[Source data]

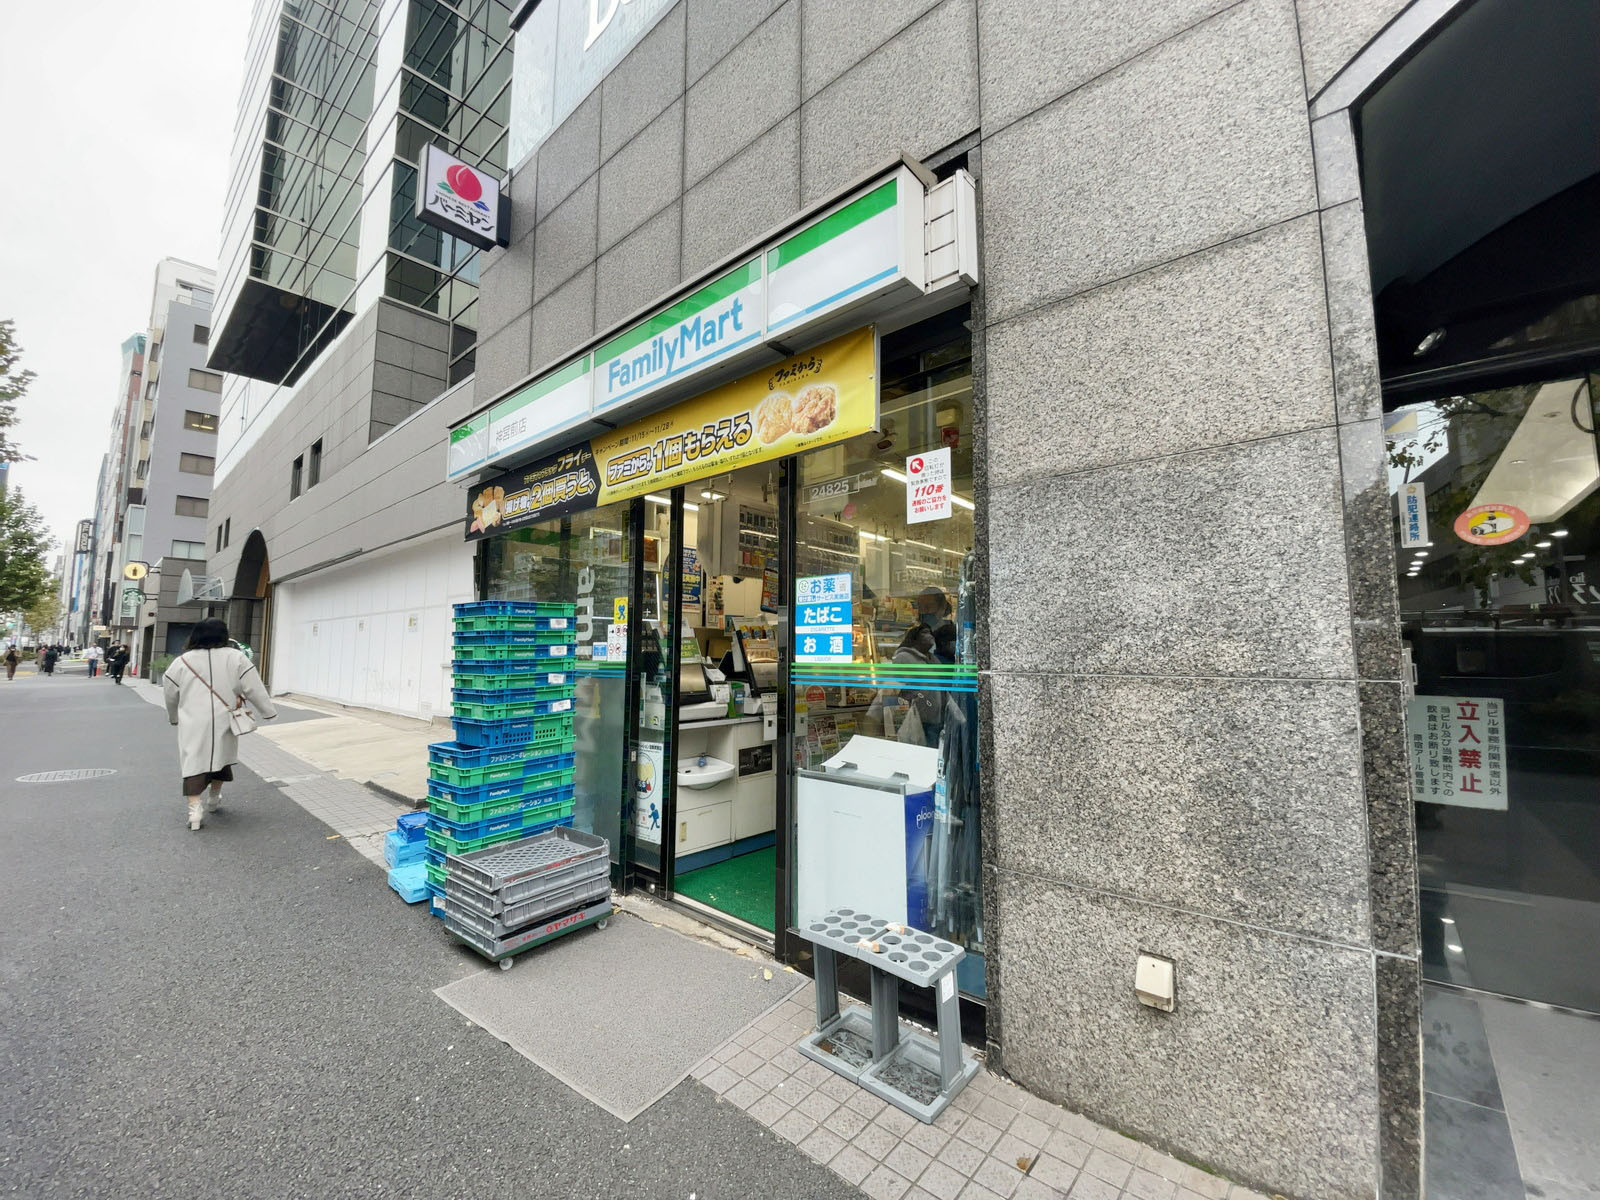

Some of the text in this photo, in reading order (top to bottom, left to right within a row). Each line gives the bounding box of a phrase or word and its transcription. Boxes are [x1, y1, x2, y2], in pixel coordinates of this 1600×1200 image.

[428, 195, 495, 232] バーミヤン
[608, 296, 744, 393] FamilyMart
[495, 416, 528, 444] 神宮前店
[914, 484, 945, 498] 110番
[810, 577, 836, 595] お薬
[803, 606, 843, 624] たばこ
[803, 635, 844, 654] お酒
[1426, 704, 1441, 795] 飲食はお断り致します
[1440, 705, 1454, 797] 当ビル及び当敷地内での
[1456, 700, 1484, 795] 立入禁止
[1486, 701, 1502, 797] 当ビル事務所関係者以外
[489, 788, 510, 797] FamilyMart
[488, 822, 510, 832] FamilyMart
[552, 912, 587, 932] ヤマザキ
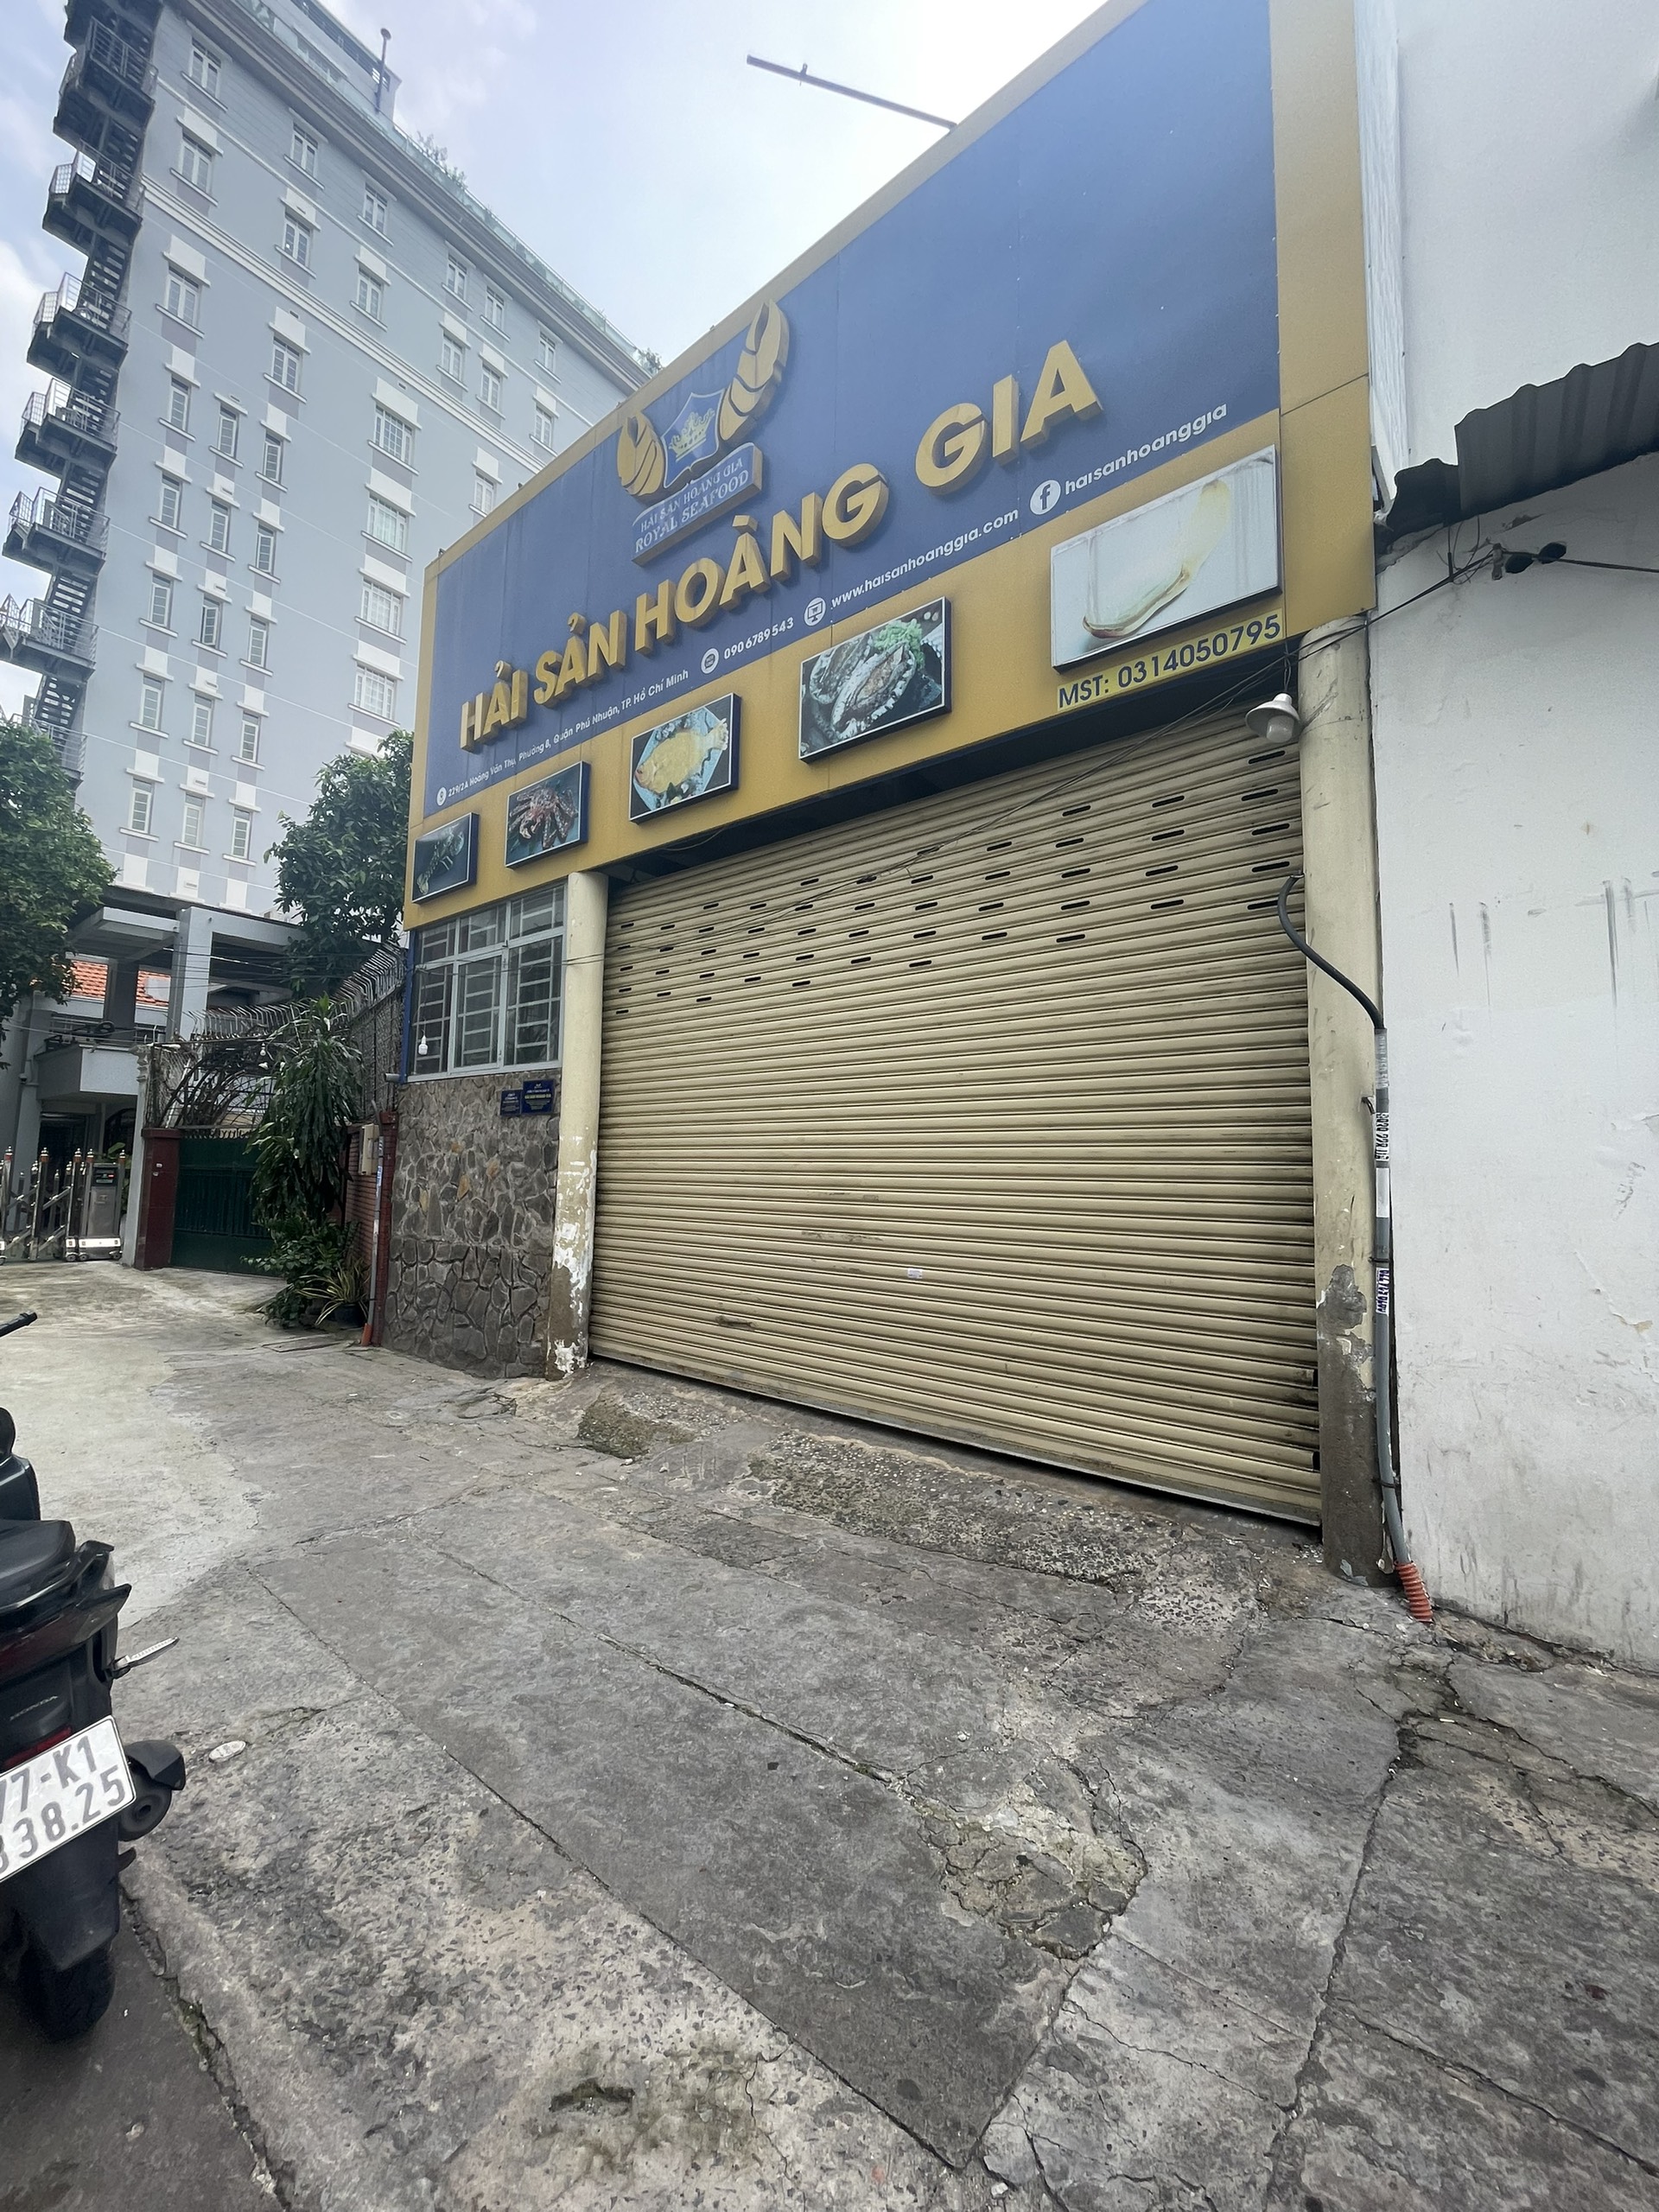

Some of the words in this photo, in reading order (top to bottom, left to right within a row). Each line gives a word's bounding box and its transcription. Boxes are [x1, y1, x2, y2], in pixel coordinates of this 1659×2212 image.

[723, 457, 743, 477] GIA
[1065, 403, 1228, 495] haisanhoanggia
[461, 660, 528, 751] HẢI
[534, 611, 627, 706] SẢN
[635, 463, 889, 654] HOÀNG
[915, 340, 1103, 495] GIA
[635, 517, 677, 553] ROYAL
[682, 469, 749, 524] SEAFOOD
[831, 509, 1019, 609] www.haisanhoanggia.com
[575, 715, 590, 734] Phú
[592, 705, 620, 725] Nhuận,
[621, 697, 632, 710] TP.
[633, 687, 646, 706] Hồ
[648, 678, 664, 696] Chí
[665, 669, 689, 690] Minh
[1058, 675, 1109, 709] MST:
[1117, 613, 1281, 689] 0314050795

[/Source data]

- **What you should do**:
Each entry needs to be retyped exactly; the pictures stay out.

- **Exercise solution**:
Some of the text in this photo, in reading order (top to bottom, left to right within a row). Each line gives the bounding box of a phrase or word and its transcription. Boxes are [x1, y1, x2, y2], in pixel coordinates of this 1600×1200 image.

[428, 195, 495, 232] バーミヤン
[608, 296, 744, 393] FamilyMart
[495, 416, 528, 444] 神宮前店
[914, 484, 945, 498] 110番
[810, 577, 836, 595] お薬
[803, 606, 843, 624] たばこ
[803, 635, 844, 654] お酒
[1426, 704, 1441, 795] 飲食はお断り致します
[1440, 705, 1454, 797] 当ビル及び当敷地内での
[1456, 700, 1484, 795] 立入禁止
[1486, 701, 1502, 797] 当ビル事務所関係者以外
[489, 788, 510, 797] FamilyMart
[488, 822, 510, 832] FamilyMart
[552, 912, 587, 932] ヤマザキ

Some of the words in this photo, in reading order (top to bottom, left to right within a row). Each line gives a word's bounding box and its transcription. Boxes are [x1, y1, x2, y2], in pixel coordinates of this 1659×2212 image.

[723, 457, 743, 477] GIA
[1065, 403, 1228, 495] haisanhoanggia
[461, 660, 528, 751] HẢI
[534, 611, 627, 706] SẢN
[635, 463, 889, 654] HOÀNG
[915, 340, 1103, 495] GIA
[635, 517, 677, 553] ROYAL
[682, 469, 749, 524] SEAFOOD
[831, 509, 1019, 609] www.haisanhoanggia.com
[575, 715, 590, 734] Phú
[592, 705, 620, 725] Nhuận,
[621, 697, 632, 710] TP.
[633, 687, 646, 706] Hồ
[648, 678, 664, 696] Chí
[665, 669, 689, 690] Minh
[1058, 675, 1109, 709] MST:
[1117, 613, 1281, 689] 0314050795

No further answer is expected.